I felt like Fuller tried to address this particular issue through a vignette approach to the plot, which didn’t quite work, either. Fuller cuts out lots of intermediary details in favor of writing scenes instead of narratives, a tack which I found rather inventive. However, it sometimes made the plot difficult to follow. Beyond that, there were some vignettes that felt completely out of place, like the sexual assault on the Native American girl in the opening of the novel. That felt like a gratuitous stab at grittiness, and it didn’t make a lick of difference to the plot.

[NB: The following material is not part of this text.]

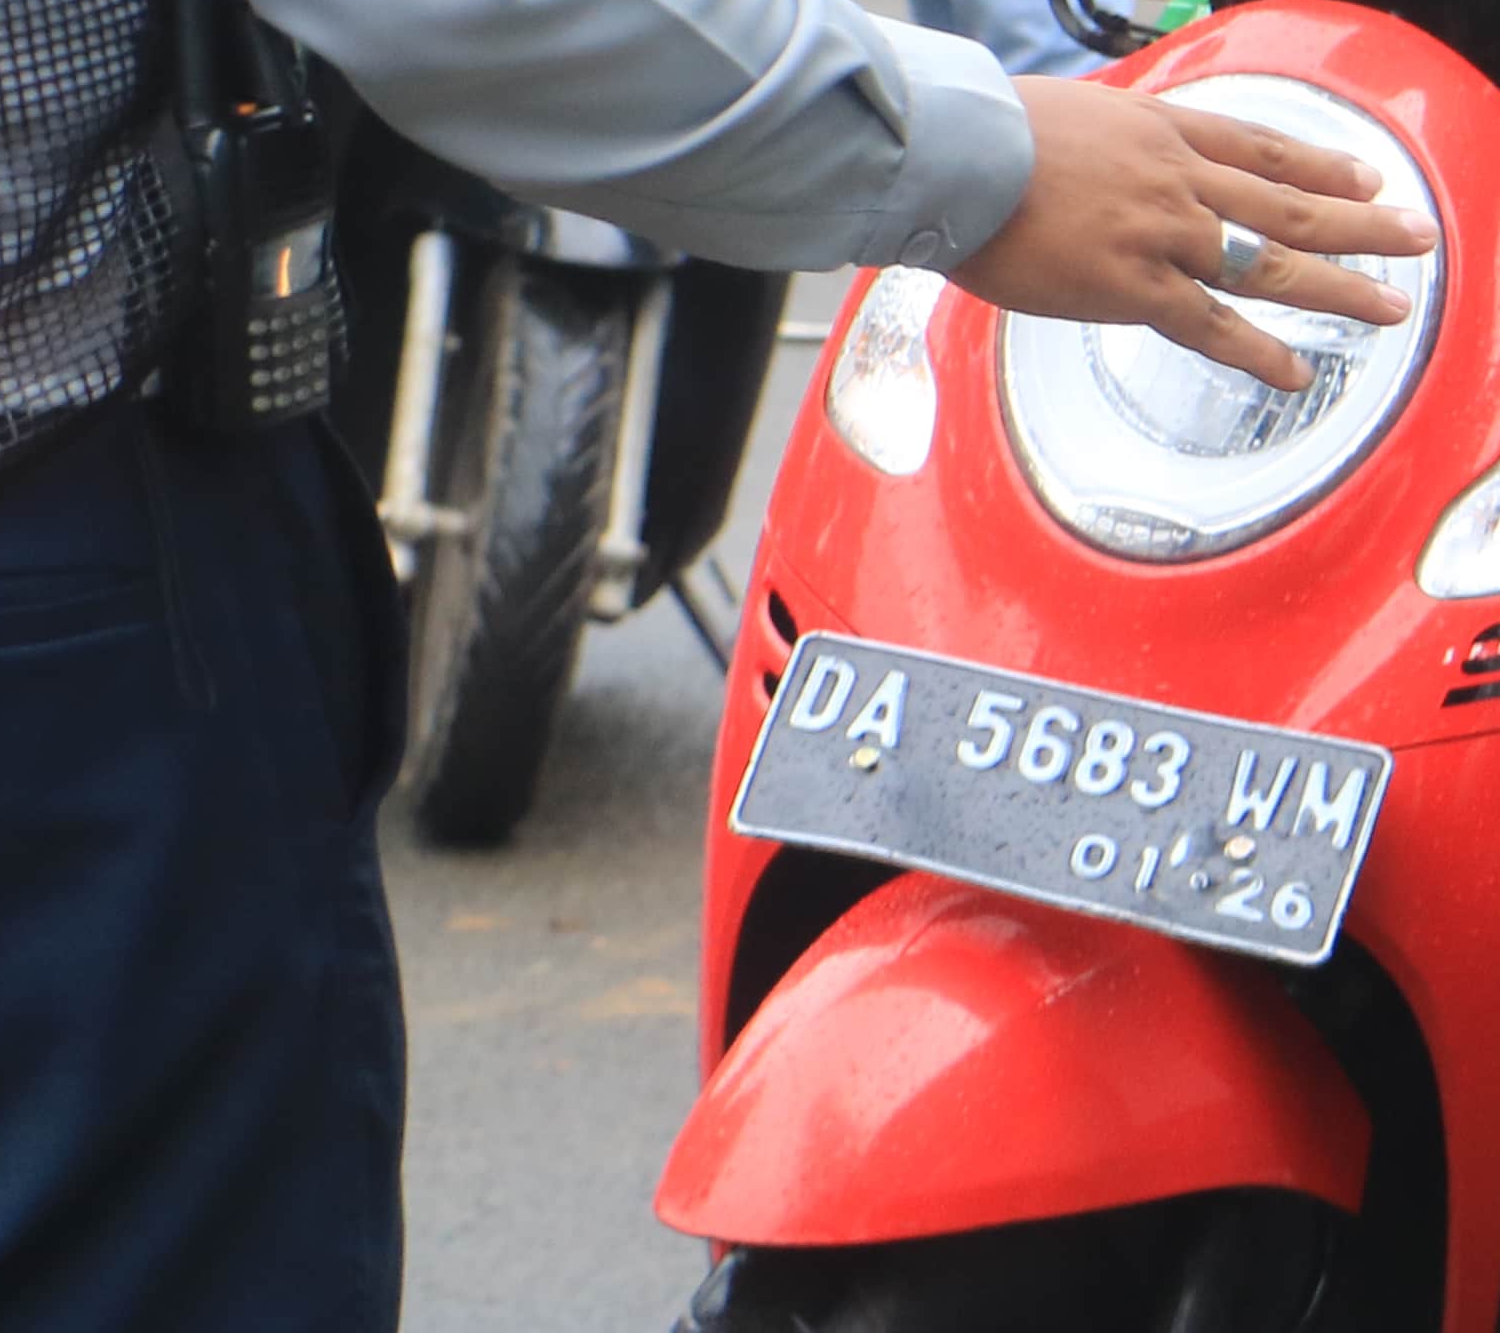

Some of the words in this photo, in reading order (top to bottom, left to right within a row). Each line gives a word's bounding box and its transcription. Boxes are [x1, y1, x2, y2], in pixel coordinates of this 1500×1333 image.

The Ugly: Part of Fuller’s difficulty in engaging with larger issues in his novel comes from stylistic issues. In terms of style, I really didn’t like this novel. The writing swings wildly between McCarthy-esque sparseness to Faulknerian descriptiveness, which I found unpalatable. You could read three pages of stripped-down dialogue only to end up mired in four paragraphs of minute imagery. Fuller consciously engages with this style to emphasize the literariness of the book, which is no surprise given Fuller appears to be enamored with his own artistry (the author refers to Roosevelt as “T.R.” and explains that he drops the “a” from “Longabaugh” to make the “character his own” in the book’s acknowledgements. Both statements made me irrationally angry.) Anyway, I couldn’t quite figure out what Fuller was doing with these major style shifts, but it made the overall tone of the book disjointed and almost impossible to nail down.

The style issues were compounded by Fuller’s pacing. This book is, to put it bluntly, much too long. It drags out interminably, which I realized when I found myself deathly bored while reading about a gunfight! The book lacks the snappy action that characterizes strong western novels, and instead drags on before quickly shifting scene and setting. The experience was not unlike getting whiplash while somehow only traveling 25 miles per hour.

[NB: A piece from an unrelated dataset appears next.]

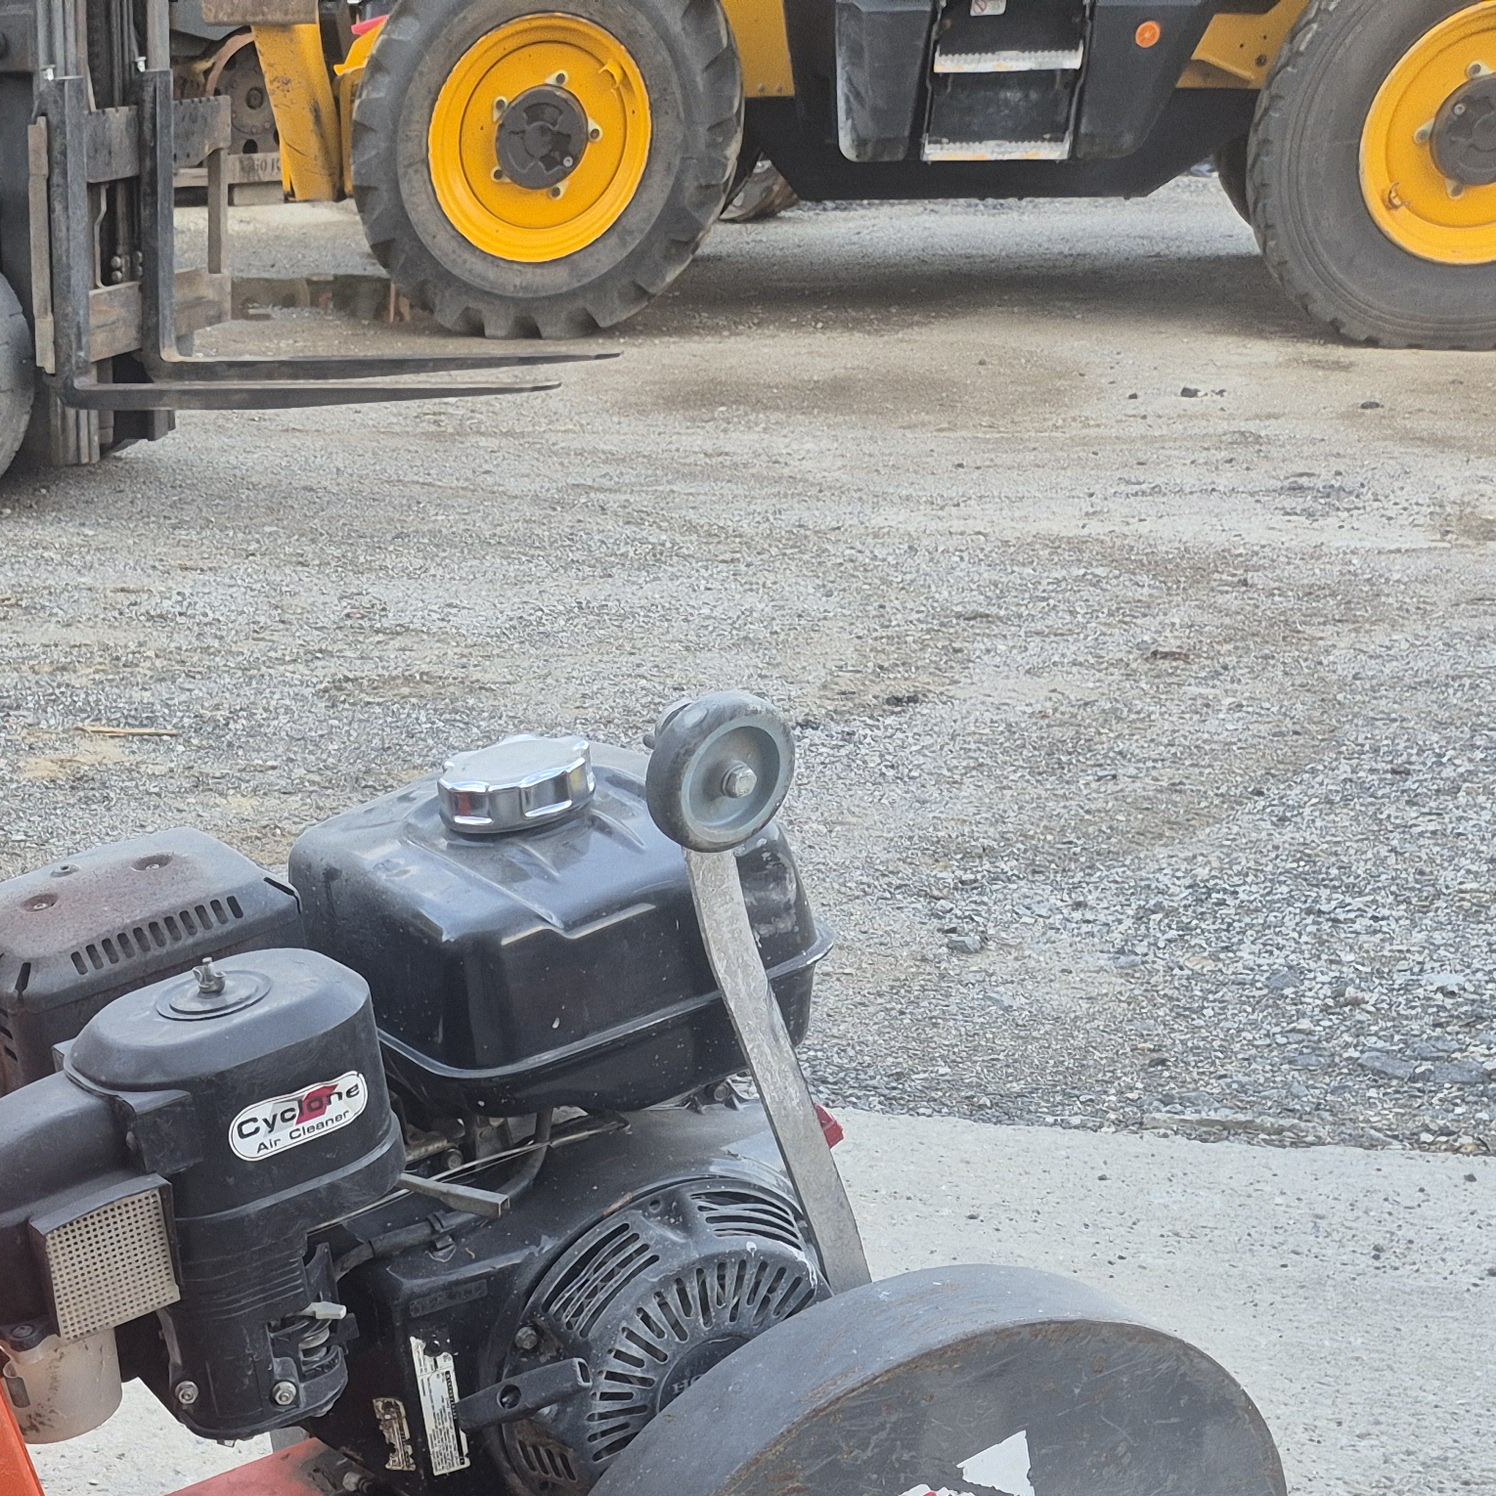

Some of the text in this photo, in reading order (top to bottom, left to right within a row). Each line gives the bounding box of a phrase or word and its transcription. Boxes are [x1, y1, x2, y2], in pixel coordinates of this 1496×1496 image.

[236, 1083, 361, 1140] Cyclone
[256, 1108, 350, 1154] Air Cleaner

There’s so much more I could say about this novel and its plot—why even cameo Butch? Why not tie Moretti in with the British guy’s scheme at the end?—but I think I’ve said enough. If I was rating this book on my personal response to the text, it would get two stars, but I actually think that’s unfair. Fuller’s research is enough to give this book more clout than that, and like I mention earlier, this book does have moments of real brilliance. For those reasons, I think a three star review more accurately reflects the book as a whole.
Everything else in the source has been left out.